Canadá planeja lançar microssatélite POET em 2029 para ampliar busca por exoplanetas terrestres e potenciais sinais de vida em anãs ultrafrias.

O Canadá está em vias de lançar uma nova missão espacial que promete revolucionar a busca por exoplanetas. Com o nome de POET, este microssatélite, programado para lançamento em 2029, tem como foco a identificação de mundos do tamanho da Terra que orbitam anãs ultrafrias. O objetivo é encontrar alvos ideais para futuras análises atmosféricas, além de procurar potenciais bioassinaturas que possam indicar a presença de vida.

A exploração por vida fora do nosso planeta tem avançado a passos largos, especialmente com a crescente confirmação de exoplanetas, que já chega a quase 6.300, segundo a NASA. Dentro desse número, mais de 200 são mundos rochosos, despertando a curiosidade de cientistas e entusiastas do espaço. O avanço dos telescópios e novas tecnologias têm levado à expectativa de que a descoberta de planetas semelhantes à Terra se torne cada vez mais comum.

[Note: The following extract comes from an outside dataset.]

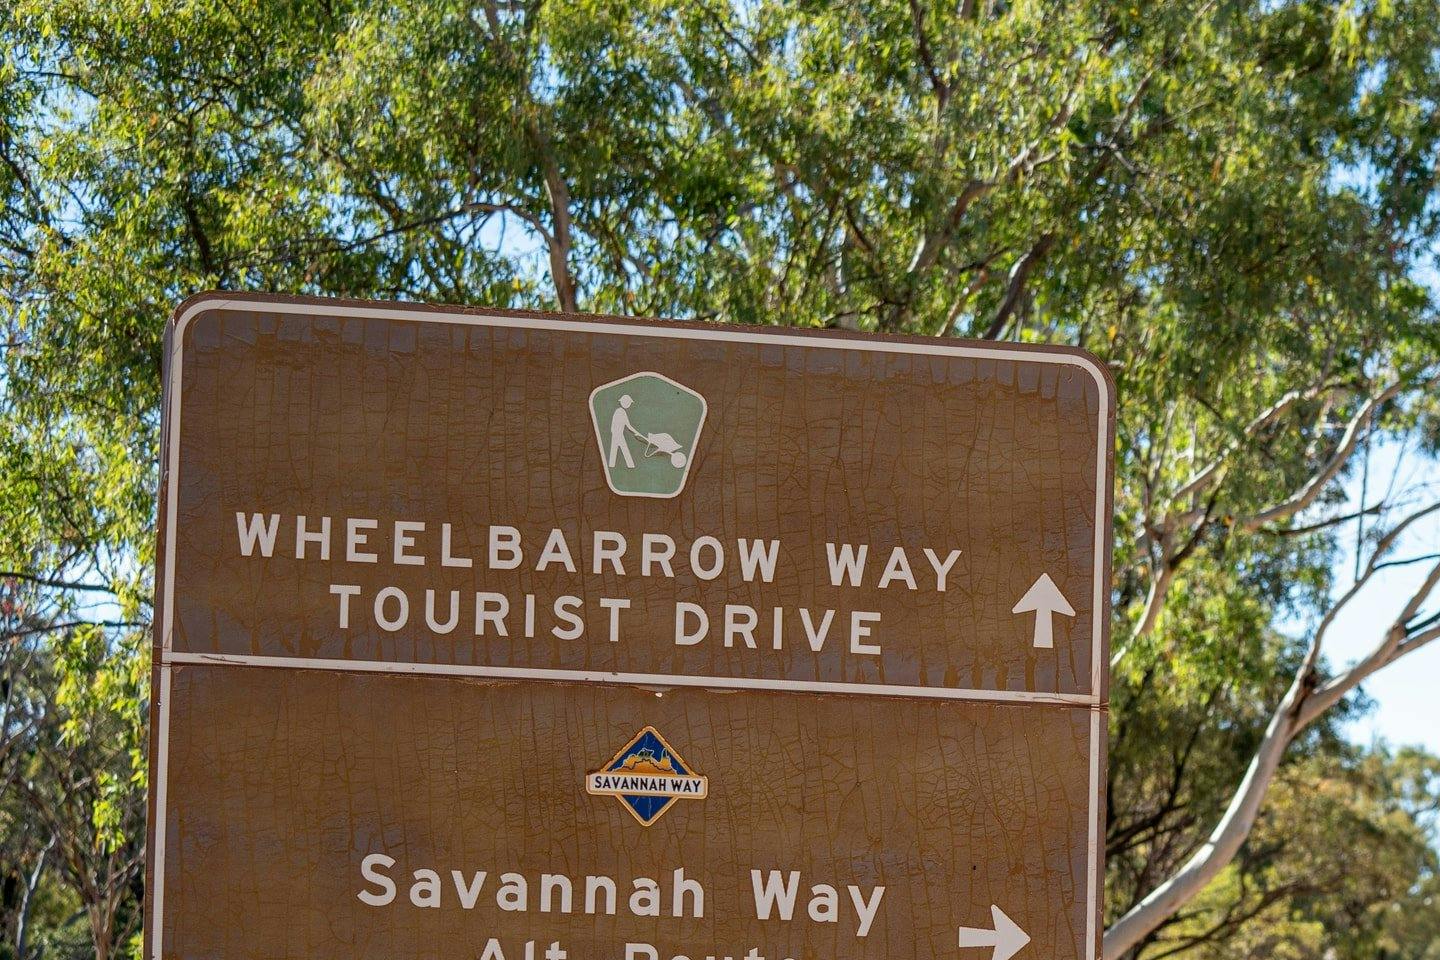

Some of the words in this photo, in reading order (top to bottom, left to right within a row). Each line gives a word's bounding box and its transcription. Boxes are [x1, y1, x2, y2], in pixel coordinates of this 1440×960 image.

O microssatélite canadense POET foi projetado especificamente para descobrir exoplanetas, além das chamadas super-Terras, que orbitam estrelas menores e frias — as anãs ultrafrias, como as da classe K e M, e as anãs marrons, classificadas frequentemente como “estrelas falhas”. A proposta do projeto contempla utilizar o método de trânsito: ao observar os sutilmente variáveis brilhos dessas estrelas quando um planeta transita à sua frente, os cientistas poderão identificar exoplanetas menores com maior facilidade, dada a maior relação entre o tamanho da estrela e do planeta.

O desenvolvimento do POET se fundamenta na experiência adquirida pelo Canadá com microssatélites anteriores, como o MOST e o NEOSSat. Enquanto o MOST, lançado em 2003, era conhecido por estudar estrelas e asteroides, o POET traz inovações como um telescópio de maior diâmetro, além da capacidade de observar uma ampla gama de comprimentos de onda, que vai do ultravioleta ao infravermelho.

Com um catálogo já elaborado, os pesquisadores filtraram mais de 7.200 anãs ultrafrias até chegarem a 3.000 estrelas que estão a menos de 100 parsecs do nosso planeta. As simulações indicam que o microssatélite poderá detectar planetas com períodos orbitais entre 7 e 50 dias e raios de uma a 2,5 vezes o tamanho da Terra. Para um primeiro ano de missão, 100 a 300 alvos prioritários foram identificados.

O que torna esses planetas ainda mais intrigantes é que muitos devem estar localizados na zona habitável, tornando-se candidatos ideais para análises mais profundas com ferramentas como o Telescópio Espacial James Webb. A missão POET, portanto, pode abrir novos horizontes na busca por vida fora do Sistema Solar, proporcionando um futuro mais claro na exploração de mundos potenciais.